Records shown:
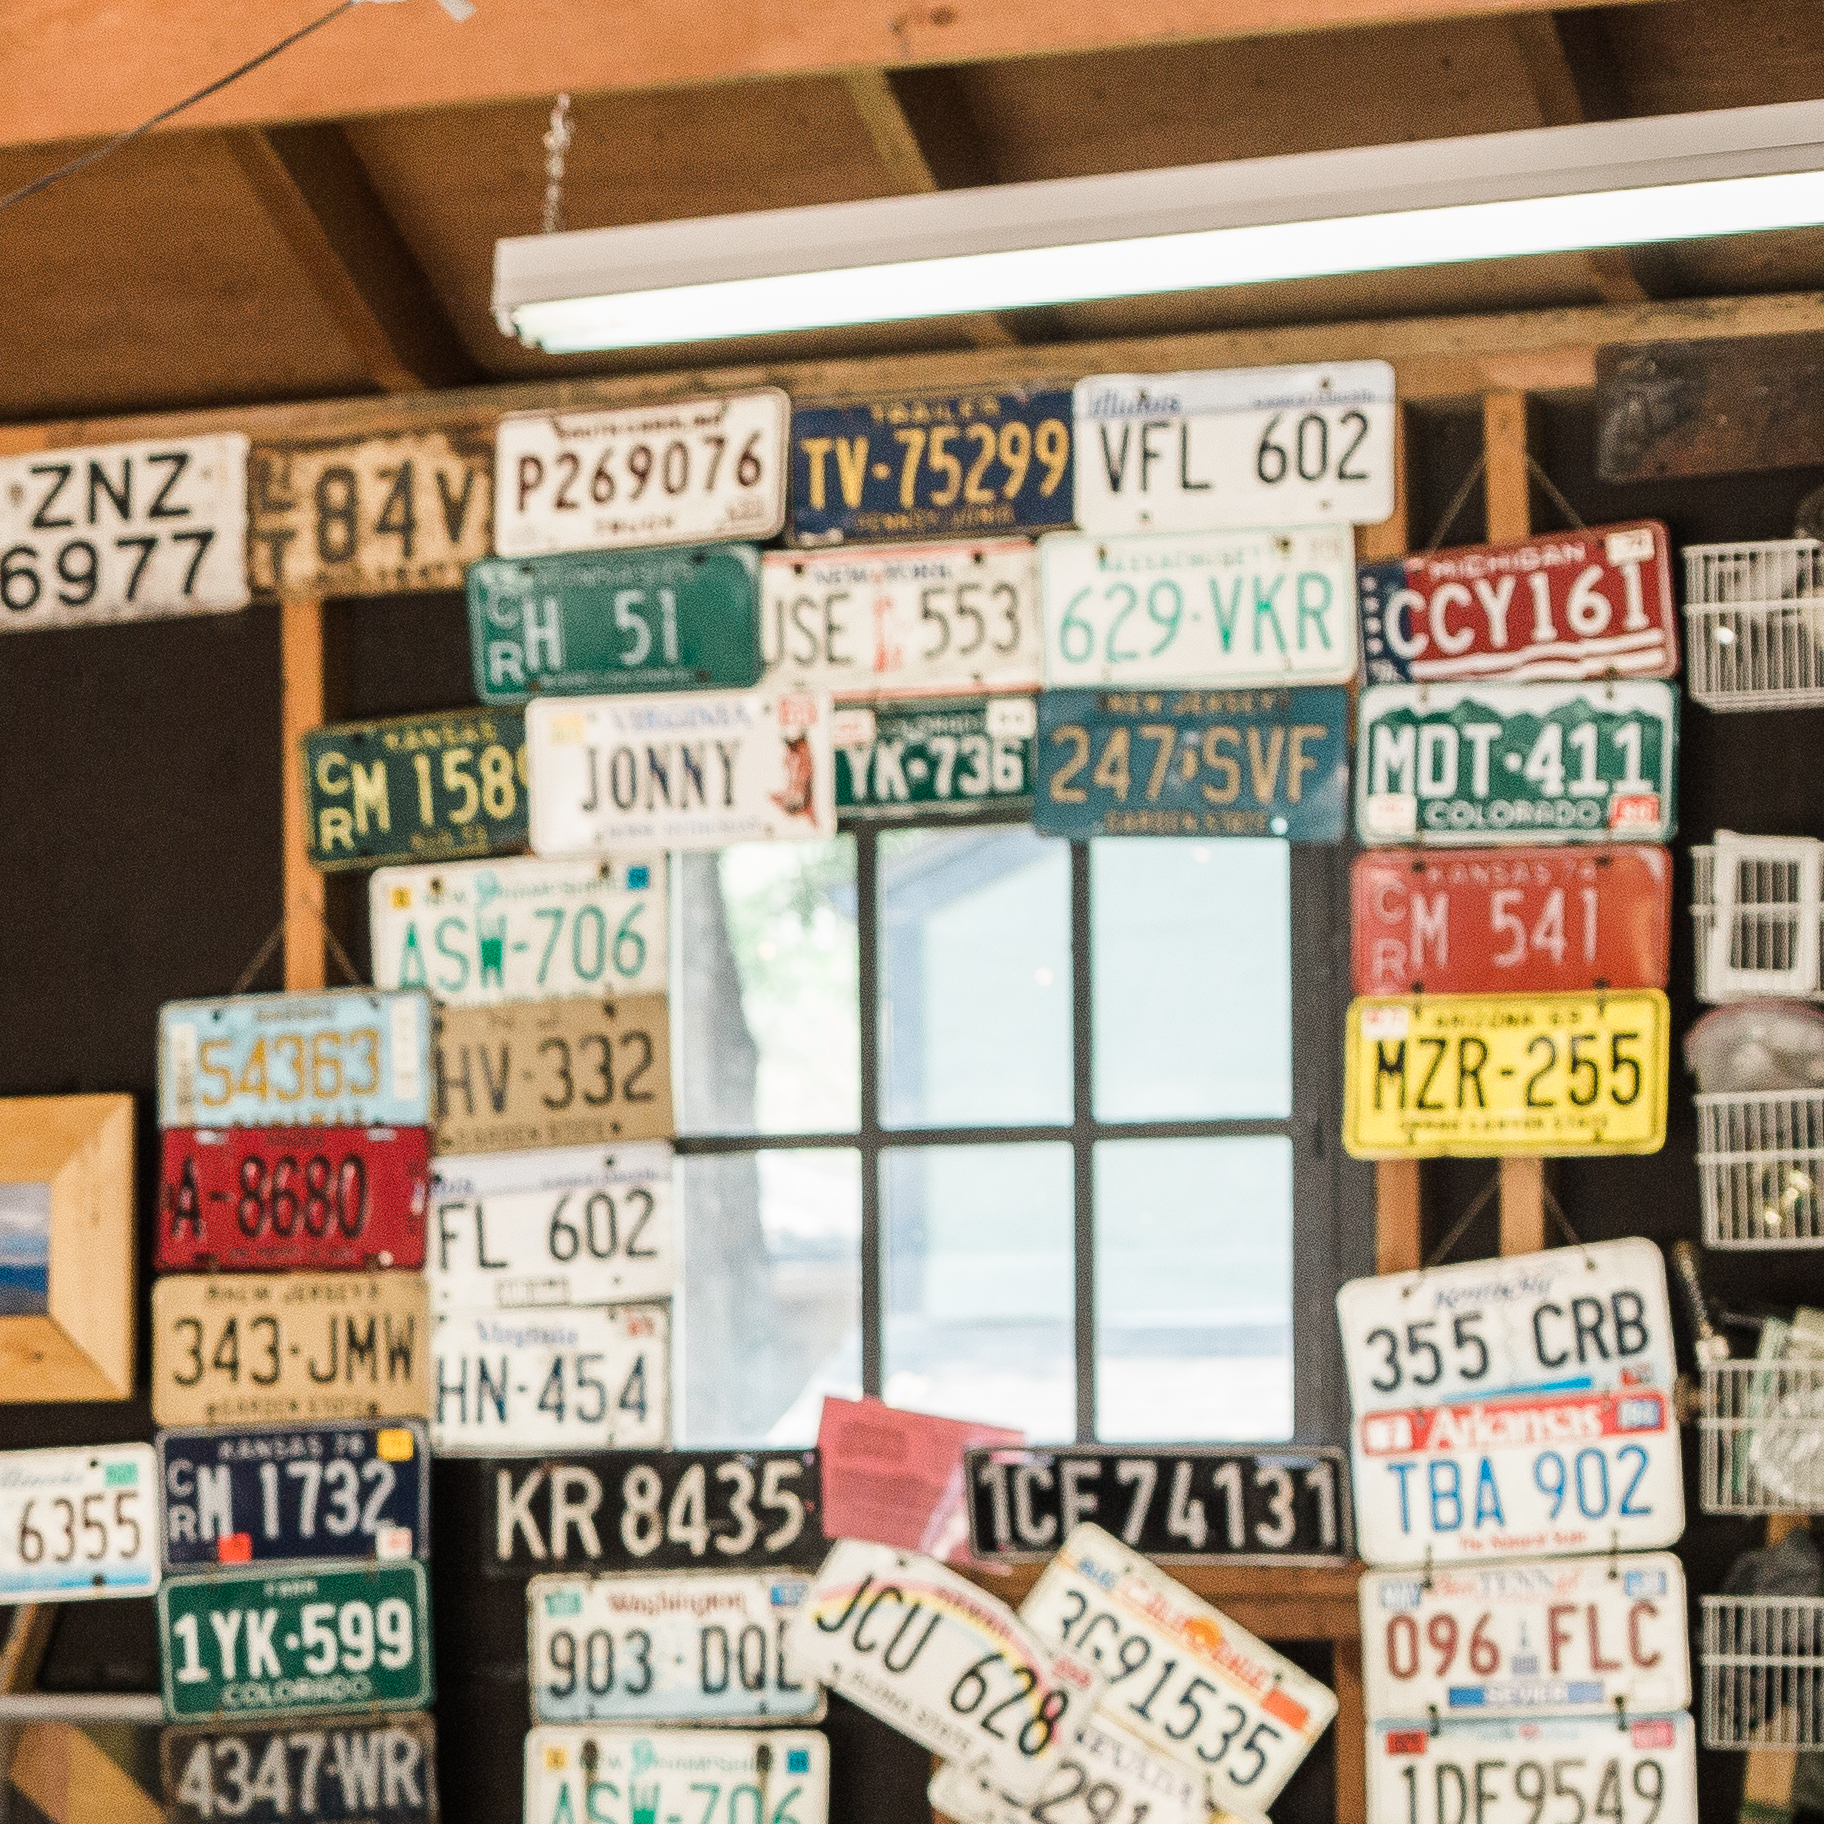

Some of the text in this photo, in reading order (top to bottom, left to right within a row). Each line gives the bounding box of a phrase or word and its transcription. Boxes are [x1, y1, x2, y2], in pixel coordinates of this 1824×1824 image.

[31, 452, 190, 528] ZNZ
[517, 430, 761, 513] P269076
[1101, 411, 1369, 493] VFL 602
[0, 531, 214, 611] 6977
[1385, 563, 1650, 659] CCY161
[920, 582, 1021, 661] 553
[581, 740, 742, 812] JONNY
[1425, 801, 1602, 828] COLORADO
[1489, 888, 1599, 969] 541
[200, 1027, 381, 1107] 54363
[549, 1187, 659, 1263] 602
[1365, 1292, 1649, 1393] 355 CRB
[217, 1435, 324, 1461] KANSAS
[18, 1490, 141, 1565] 6355
[260, 1457, 396, 1541] 1732
[495, 1458, 805, 1562] KR 8435
[1388, 1444, 1653, 1535] TBA 902
[815, 1572, 942, 1674] JCU
[950, 1653, 1068, 1757] 628
[1385, 1600, 1661, 1681] 096 FLC
[222, 1674, 374, 1710] COLORADO

Assignment:
Copy the records above exactly. The pictures are not part of the copy.

Output of the task:
Some of the text in this photo, in reading order (top to bottom, left to right within a row). Each line gives the bounding box of a phrase or word and its transcription. Boxes are [x1, y1, x2, y2], in pixel coordinates of this 1824×1824 image.

[31, 452, 190, 528] ZNZ
[517, 430, 761, 513] P269076
[1101, 411, 1369, 493] VFL 602
[0, 531, 214, 611] 6977
[1385, 563, 1650, 659] CCY161
[920, 582, 1021, 661] 553
[581, 740, 742, 812] JONNY
[1425, 801, 1602, 828] COLORADO
[1489, 888, 1599, 969] 541
[200, 1027, 381, 1107] 54363
[549, 1187, 659, 1263] 602
[1365, 1292, 1649, 1393] 355 CRB
[217, 1435, 324, 1461] KANSAS
[18, 1490, 141, 1565] 6355
[260, 1457, 396, 1541] 1732
[495, 1458, 805, 1562] KR 8435
[1388, 1444, 1653, 1535] TBA 902
[815, 1572, 942, 1674] JCU
[950, 1653, 1068, 1757] 628
[1385, 1600, 1661, 1681] 096 FLC
[222, 1674, 374, 1710] COLORADO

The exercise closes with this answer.